Your goal ▸ Without including any pictures, return the records below exactly as written.

Free-text object descriptions:
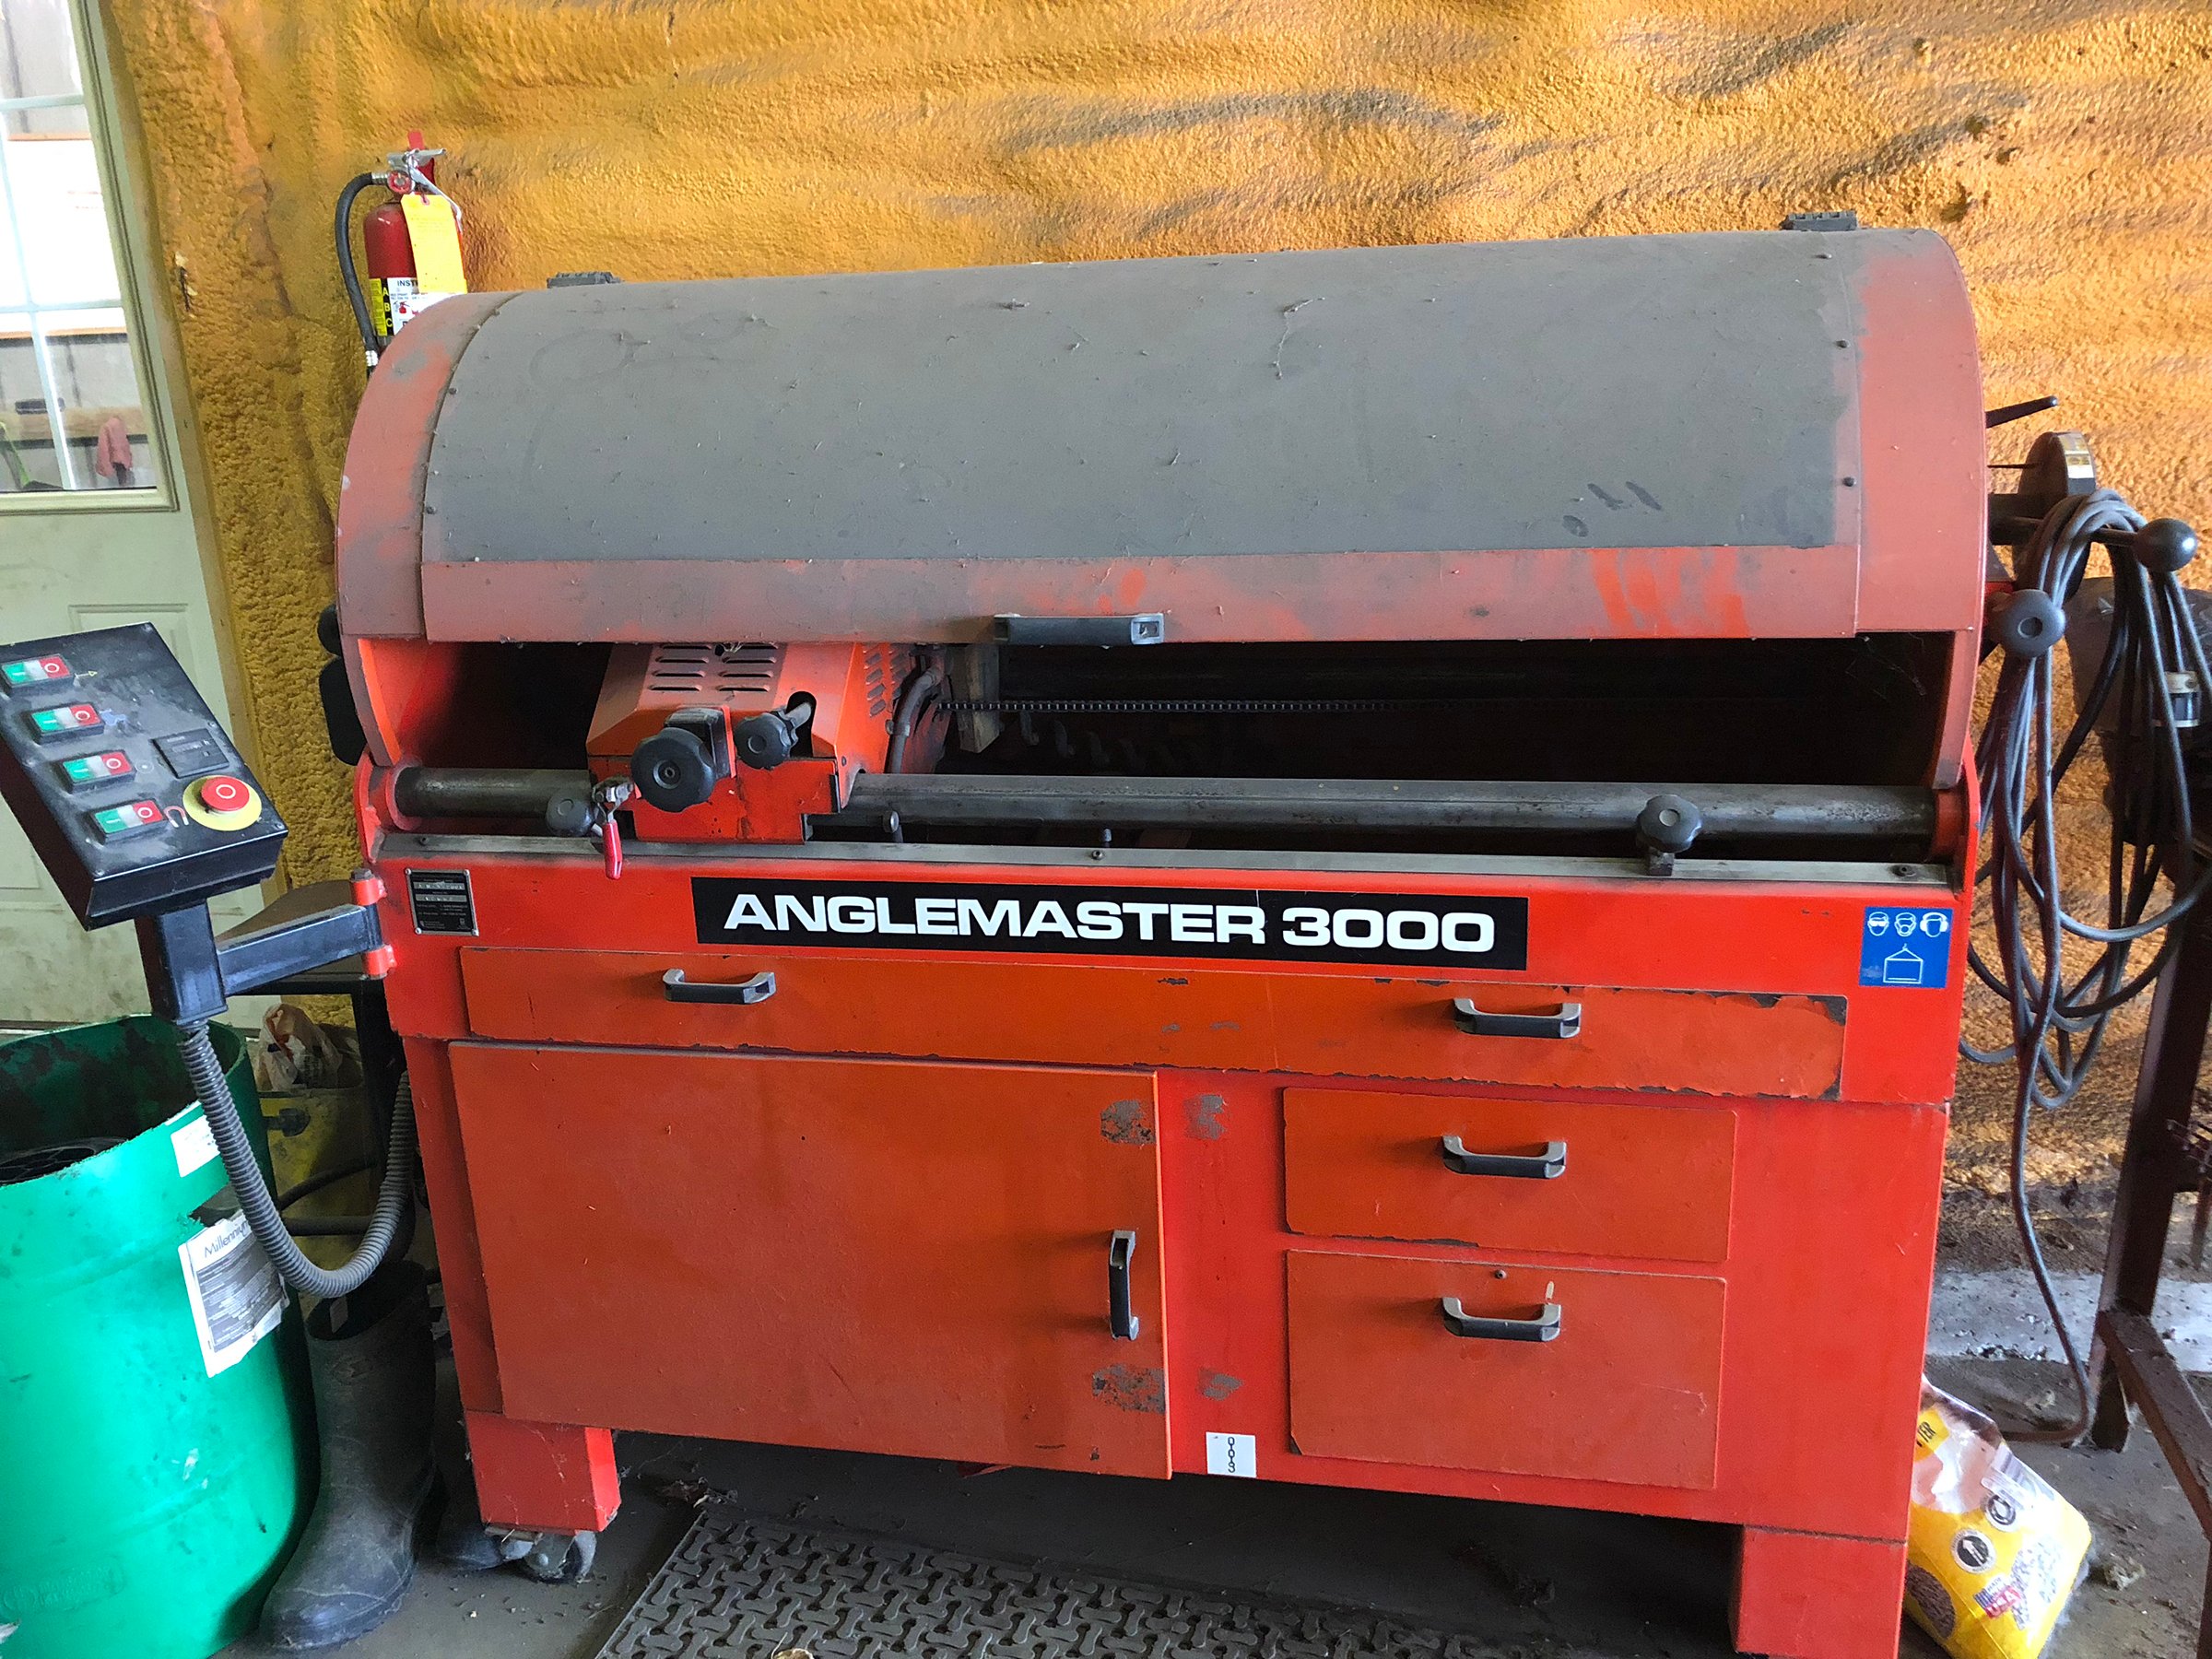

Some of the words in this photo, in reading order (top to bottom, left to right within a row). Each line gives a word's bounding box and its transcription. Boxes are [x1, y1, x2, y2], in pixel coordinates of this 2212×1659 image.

[382, 287, 389, 296] A
[384, 302, 390, 312] B
[386, 318, 393, 327] C
[724, 893, 1265, 945] ANGLEMASTER
[1282, 907, 1495, 953] 3000
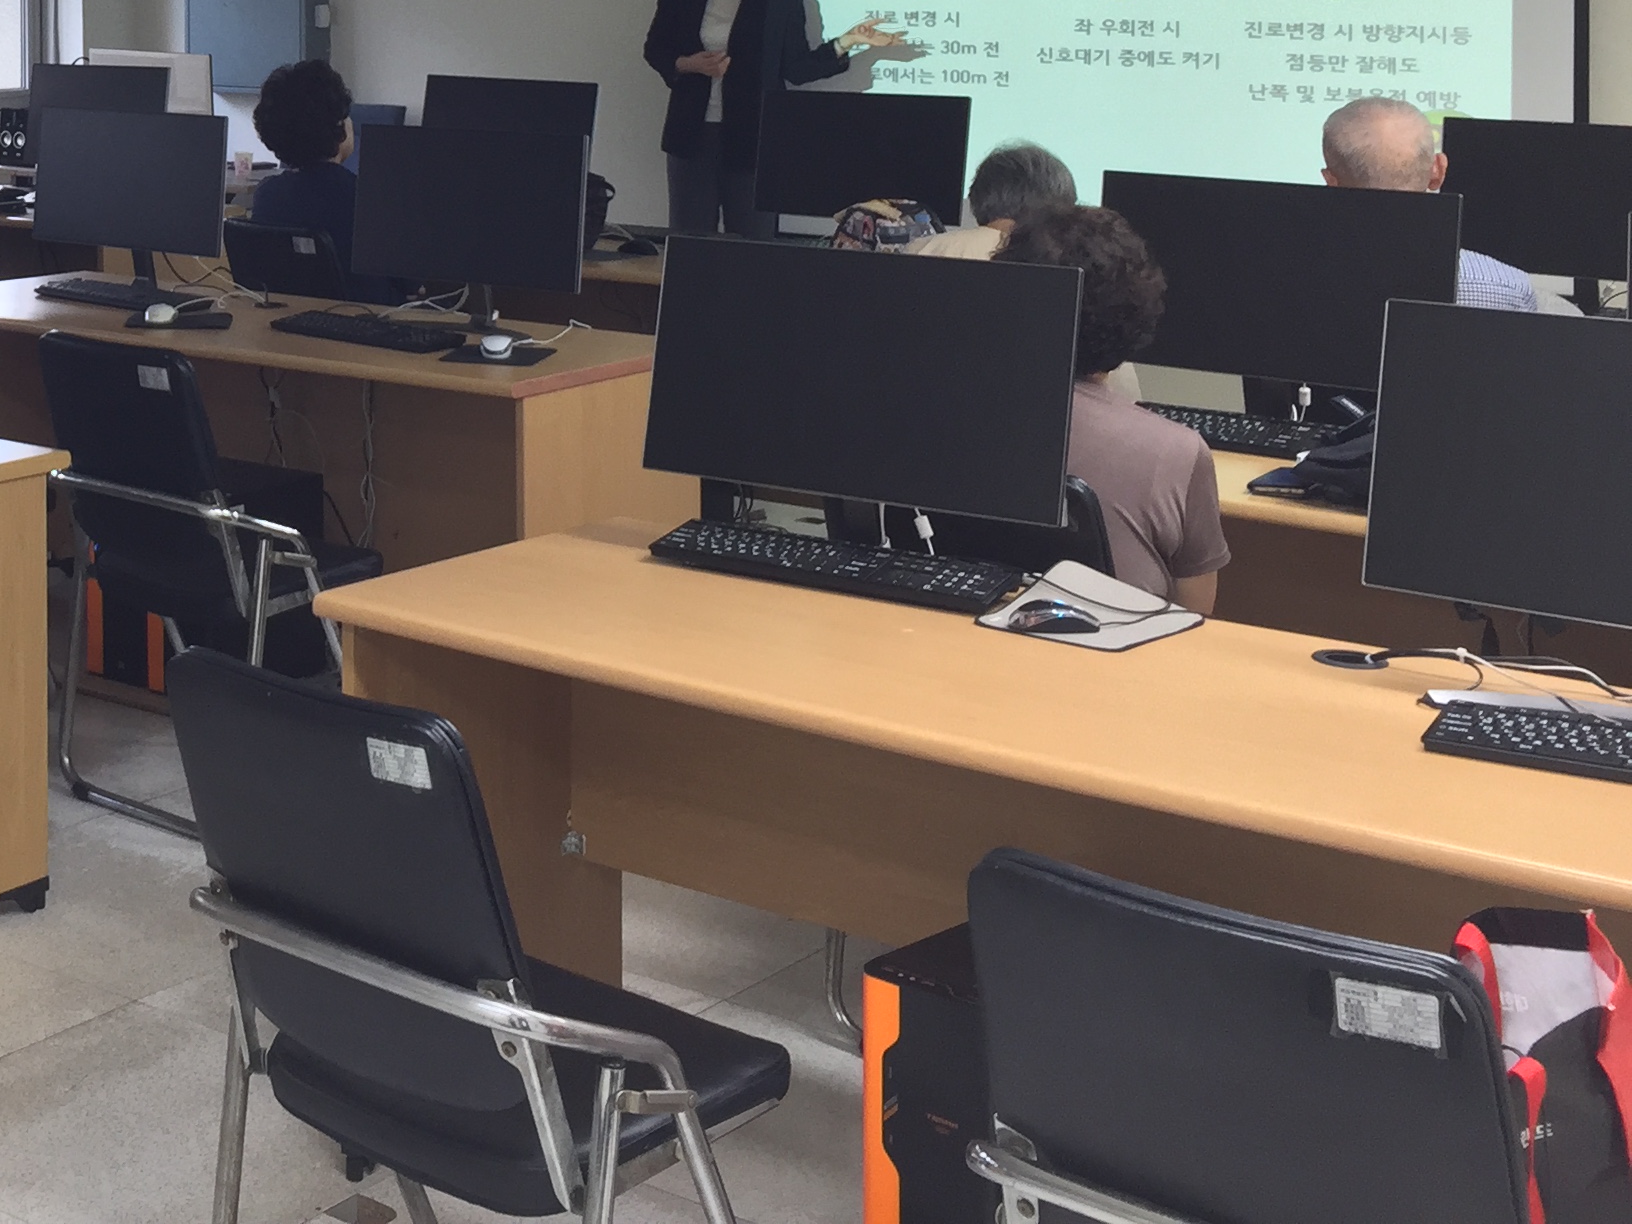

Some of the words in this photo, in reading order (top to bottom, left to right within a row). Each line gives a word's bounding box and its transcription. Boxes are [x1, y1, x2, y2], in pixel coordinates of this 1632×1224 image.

Response to this exercise ▸
Some of the words in this photo, in reading order (top to bottom, left to right within a row). Each line gives a word's bounding box and its transcription. Boxes are [x1, y1, x2, y2], in pixel coordinates of this 2212×1659 image.

[382, 287, 389, 296] A
[384, 302, 390, 312] B
[386, 318, 393, 327] C
[724, 893, 1265, 945] ANGLEMASTER
[1282, 907, 1495, 953] 3000

Some of the words in this photo, in reading order (top to bottom, left to right within a row). Each line gives a word's bounding box and its transcription. Boxes are [x1, y1, x2, y2], in pixel coordinates of this 1632×1224 image.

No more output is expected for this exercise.